10 November

Oh Steve. Apple Of My Eye

by Jon Katz
Oh Steve. Apple Of My Eye

Lulu, Fanny, and Simon

Oh, Steve. I felt a lot safer when you were around, even though I knew you were sick for years. I’ve written every published word of my life on one of your machines,  and I’ve gone from synching calendars, contacts, messages to life in the Icloud, where my data vanishes up into the sky. I’ve got all sorts of cool and stylishly designed cables hanging out of plugs all over the house and things ping all day.  I’ve always dreaded your passing, first because you were so exciting to follow, so anti-corporate and ferocious in your individuality, and for selfish reasons, because I always feared exactly what happened to me this week.

My Iphone went blank, taking all of my addresses and appointments with it, and my Ipad2 would not restore its data after absorbing Ios5, and my MacBook Pro would not receive e-mail, and then my main computer suddenly would not download  software updates from Apple World Headquarters and claimed I wasn’t connected to the Internet, which I surely was, and then froze and so I had all kinds of cool new machines that weren’t working for me, and to be honest, I was beginning to freak out, because my entire creative life and work was somewhere up in the ICloud and I couldn’t write, blog or e-mail and I was down here not able to get it. Suddenly, a life-long advocate of technology and creative, I had become a Luddite Poster Boy, a character in a Mary Shelley novel about the hubris of technology.  I tried calling Apple Tech Support,which has answered my calls for 25 years,  but they were overwhelmed with five million new phone users in love with Siri, the new personal assistant (I am in love with Siri and have not yet met her), and there were long waits, and then an atypically grumpy tech supporter (Steve, you would have strangled this guy, had you been around) said it was not the computer, but the Satellite company, and suddenly I was in Southeast Asia being told it was Apple, not them.

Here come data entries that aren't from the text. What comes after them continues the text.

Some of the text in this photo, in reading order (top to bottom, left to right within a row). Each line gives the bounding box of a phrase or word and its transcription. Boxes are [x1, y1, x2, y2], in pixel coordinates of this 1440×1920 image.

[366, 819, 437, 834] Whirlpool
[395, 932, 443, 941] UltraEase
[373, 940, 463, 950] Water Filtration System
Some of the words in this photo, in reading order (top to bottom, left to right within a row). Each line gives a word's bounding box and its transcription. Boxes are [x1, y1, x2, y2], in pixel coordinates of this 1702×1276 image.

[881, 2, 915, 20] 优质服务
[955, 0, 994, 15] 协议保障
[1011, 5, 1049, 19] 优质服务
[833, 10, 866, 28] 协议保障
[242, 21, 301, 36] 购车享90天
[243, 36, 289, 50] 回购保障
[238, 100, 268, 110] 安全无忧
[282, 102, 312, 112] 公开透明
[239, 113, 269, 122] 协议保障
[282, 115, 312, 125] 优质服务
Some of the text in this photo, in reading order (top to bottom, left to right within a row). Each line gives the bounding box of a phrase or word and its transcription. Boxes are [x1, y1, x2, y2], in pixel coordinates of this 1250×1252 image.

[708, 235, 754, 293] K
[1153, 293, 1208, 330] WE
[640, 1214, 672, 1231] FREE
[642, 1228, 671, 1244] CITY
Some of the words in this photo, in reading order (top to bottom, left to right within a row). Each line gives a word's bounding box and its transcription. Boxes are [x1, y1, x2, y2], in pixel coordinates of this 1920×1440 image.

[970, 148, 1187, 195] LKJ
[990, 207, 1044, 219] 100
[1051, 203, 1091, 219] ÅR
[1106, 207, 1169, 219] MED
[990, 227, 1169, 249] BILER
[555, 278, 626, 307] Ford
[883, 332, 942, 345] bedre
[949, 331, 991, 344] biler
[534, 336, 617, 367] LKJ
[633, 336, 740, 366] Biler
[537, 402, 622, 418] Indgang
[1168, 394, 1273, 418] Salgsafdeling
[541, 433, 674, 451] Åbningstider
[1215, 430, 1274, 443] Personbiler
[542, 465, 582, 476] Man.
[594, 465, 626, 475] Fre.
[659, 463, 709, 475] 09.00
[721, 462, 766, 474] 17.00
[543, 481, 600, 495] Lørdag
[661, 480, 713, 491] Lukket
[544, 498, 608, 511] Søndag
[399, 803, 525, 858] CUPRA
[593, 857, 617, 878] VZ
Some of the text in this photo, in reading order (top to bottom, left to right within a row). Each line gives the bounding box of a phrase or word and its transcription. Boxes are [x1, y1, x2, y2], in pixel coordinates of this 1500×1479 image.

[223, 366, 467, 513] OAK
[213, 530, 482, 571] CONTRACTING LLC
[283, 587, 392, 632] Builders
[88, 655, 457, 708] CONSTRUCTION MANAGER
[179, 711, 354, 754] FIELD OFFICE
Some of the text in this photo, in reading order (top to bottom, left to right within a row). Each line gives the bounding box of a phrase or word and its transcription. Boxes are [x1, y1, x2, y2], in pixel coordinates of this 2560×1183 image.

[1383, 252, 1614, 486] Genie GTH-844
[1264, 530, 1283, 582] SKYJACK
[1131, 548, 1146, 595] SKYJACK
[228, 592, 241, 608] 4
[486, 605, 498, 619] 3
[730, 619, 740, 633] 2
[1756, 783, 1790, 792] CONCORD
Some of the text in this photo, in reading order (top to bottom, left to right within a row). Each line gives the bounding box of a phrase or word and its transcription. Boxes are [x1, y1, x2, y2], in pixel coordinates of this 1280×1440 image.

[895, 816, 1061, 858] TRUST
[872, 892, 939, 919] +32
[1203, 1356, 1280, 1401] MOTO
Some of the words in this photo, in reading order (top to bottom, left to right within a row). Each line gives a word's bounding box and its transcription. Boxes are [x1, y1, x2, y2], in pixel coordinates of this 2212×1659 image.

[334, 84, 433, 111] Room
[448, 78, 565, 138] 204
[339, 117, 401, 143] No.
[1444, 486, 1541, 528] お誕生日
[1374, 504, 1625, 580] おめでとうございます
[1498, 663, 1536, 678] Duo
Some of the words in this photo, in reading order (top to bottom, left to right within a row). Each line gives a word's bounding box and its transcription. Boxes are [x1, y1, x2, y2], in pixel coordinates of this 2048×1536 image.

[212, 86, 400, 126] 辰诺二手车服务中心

I hired an underground freelance satellite tech and he came after two days, took $100 and said he had no idea what was wrong and he knew nothing about Apple Computers. Maybe the router. Back to Apple. Not the router. I tried calling the Apple store, but you can no longer make an appointment on the phone, you have to go online, which is hard to when your computer can’t get online. I called up pretending to be a giant corporation (don’t care give the name) and I got right through and made an appointment with an annoyed sales rep who tried to send me off to the phone tree but I caught him.

The bottom line is this. I finally got to the Apple Store in Albany. They fixed my Iphone in two seconds, at no charge. I hauled my big desktop through the mall and used their T1 line to download my software. Found the bug in my MacBookPro. They were harried, brusque, reluctant. Overwhelmed. Everything is working now, and well, and I am loving my machines again. But Steve, I have always loved you, despite your well-documented flaws, and you have always taken care of me,  and I know you are up there raising hell and annoying angels and  using the afterlife software program you designed to keep an eye on things and filter mail from earth and I just read your biography, and I know that if this keeps up you will come down here and kick some corporate butt. I didn’t call Tech Support for 20 years, and now I can’t even call them on the phone. I know the bean counters will eventually turn Apple into just another company, but not now, not so soon, surely?

You have just recently passed, and I miss you already, and I feel a bit lonely down here.